This article is more than 1 year old
Want to get around app whitelists by pretending to be Microsoft? Of course you can...
...And here's how
DerbyCon A sprinkle of code and an understanding of the Windows digital certificate process is all that's needed for a miscreant to sneak malware past Microsoft's application whitelist within a corporate environment.
In a keynote address at the DerbyCon hacking conference in Kentucky, USA, on Friday, Matt Graeber, a security researcher with SpecterOps, detailed how he managed to disguise and run a banned software nasty as a legit whitelisted app, and thus bypass Redmond's security mechanisms.
Usually anyone trying to fool Microsoft's defenses in this way, via PowerShell, will be caught by the executable signature checks within the Get-AuthenticatedSignature function. However, according to Graeber, there’s also CryptSIPVerifyIndirectData, which can be abused to green-light malicious applications with a counterfeit signature. The only thing you need are some coding tools and, oh yeah, admin privileges on the target computer, we're told.
“By fooling PowerShell signature checking I could validate myself as anyone,” Graeber said. “I am Microsoft at this point. I can be Google, I can be anyone I want to be. I can do this remotely and it's not hard to get admin privileges.”

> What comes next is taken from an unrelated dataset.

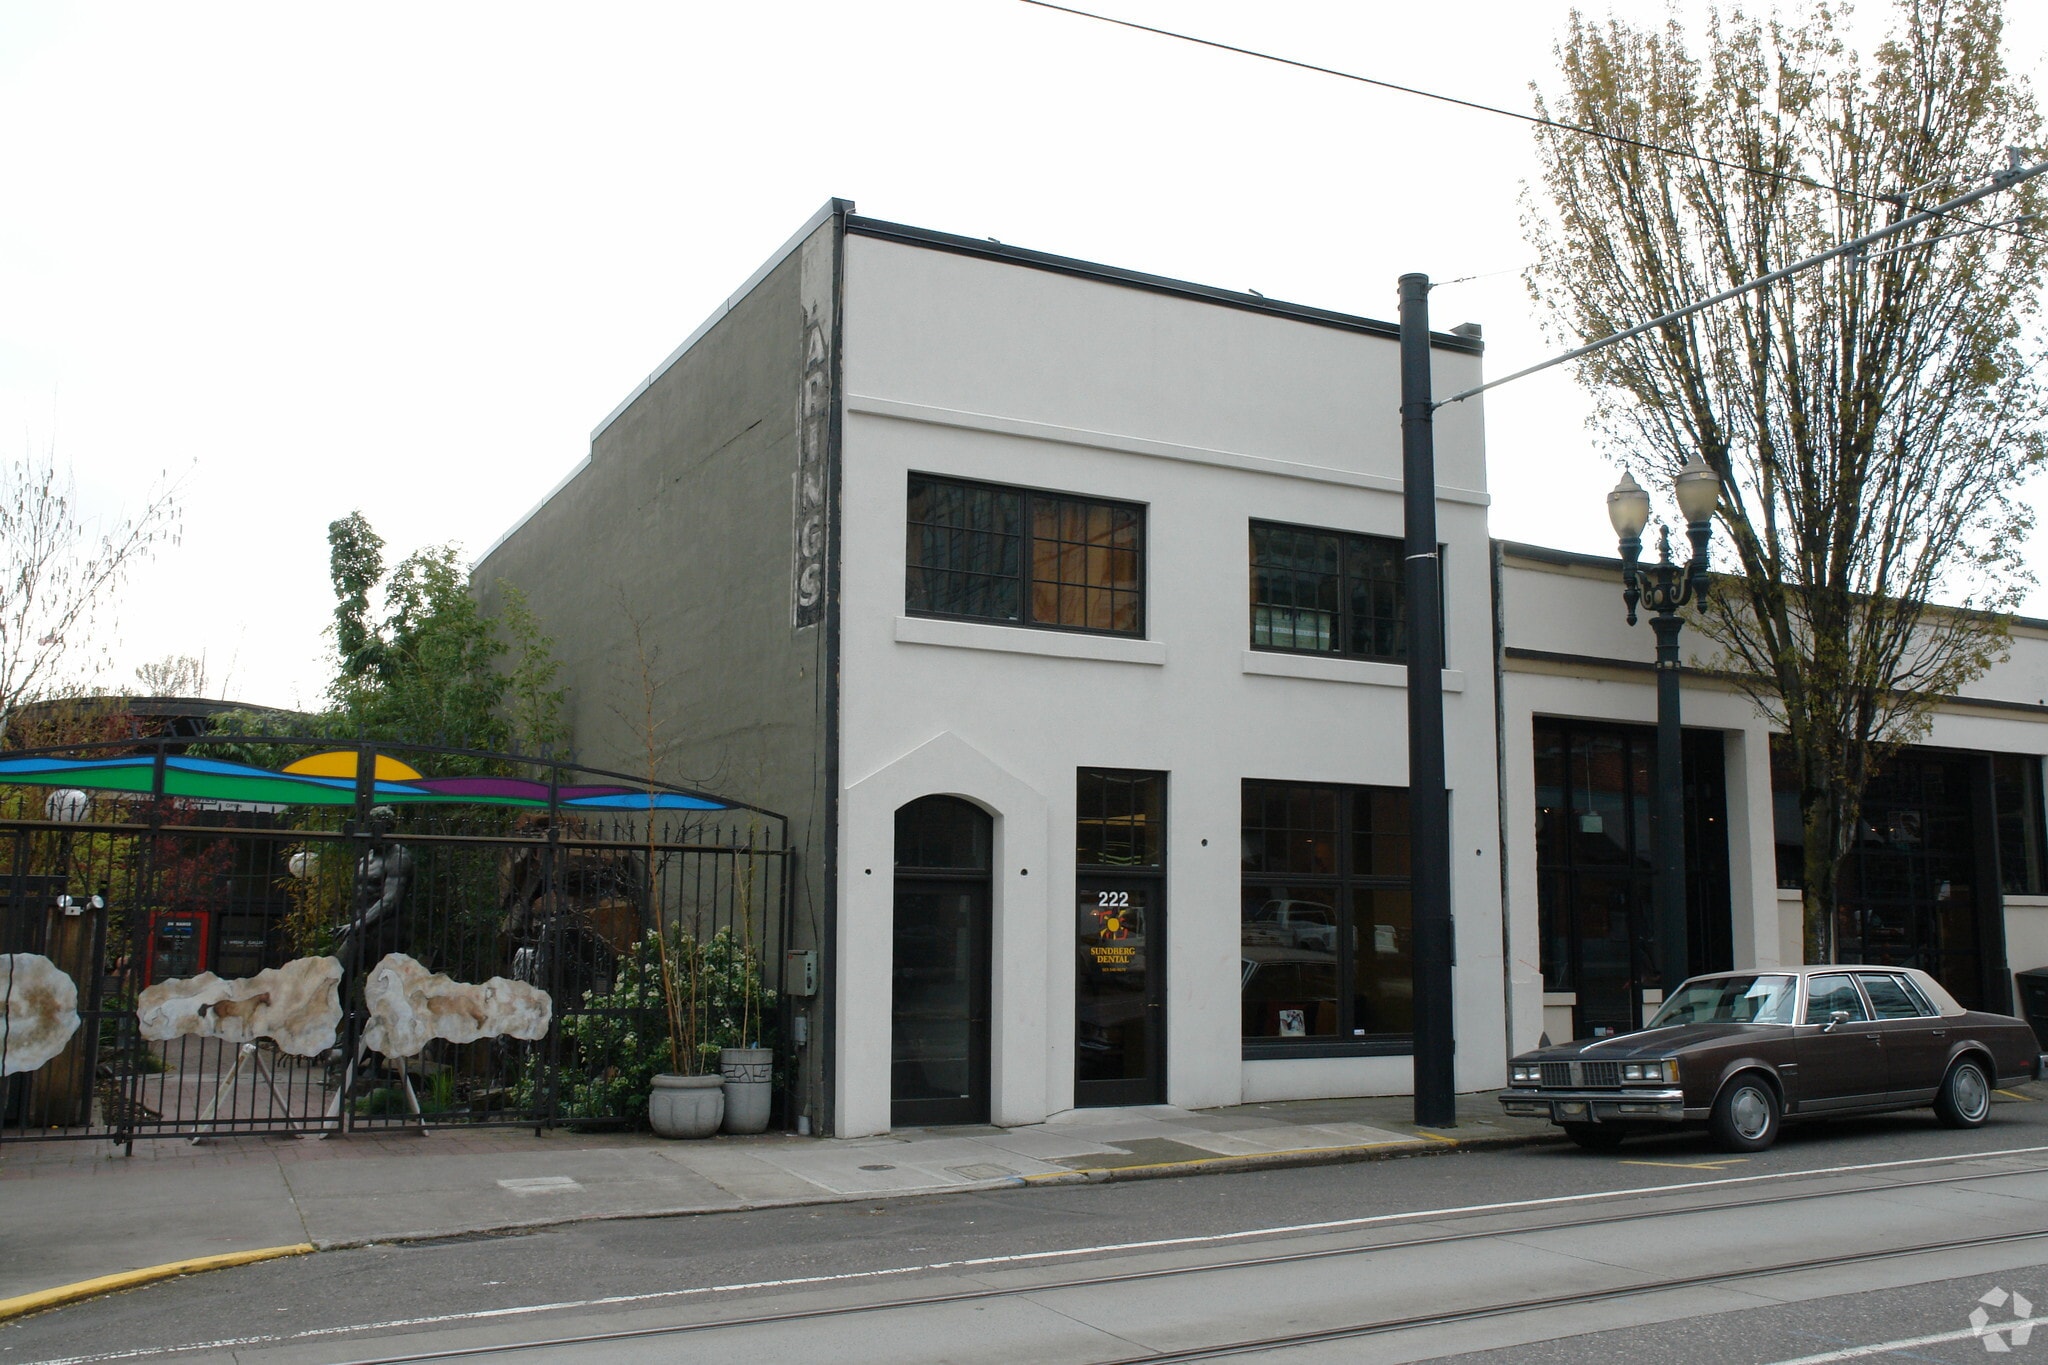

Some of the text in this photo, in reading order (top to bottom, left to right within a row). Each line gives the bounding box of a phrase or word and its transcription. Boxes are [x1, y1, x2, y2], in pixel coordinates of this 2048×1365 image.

[1098, 891, 1129, 907] 222
[1090, 947, 1136, 956] SUNDBERG
[1097, 955, 1130, 964] DENTAL

Graeber said that he has since verified that malware using bogus signatures to masquerade as white-listed programs can be validated and run within non-PowerShell environments on Windows. He has detailed the whitelist bypass technique in this here white paper [PDF] if you want all the techie details. ®
PS: There are other ways, of course, to run rogue programs you're not supposed to on Windows.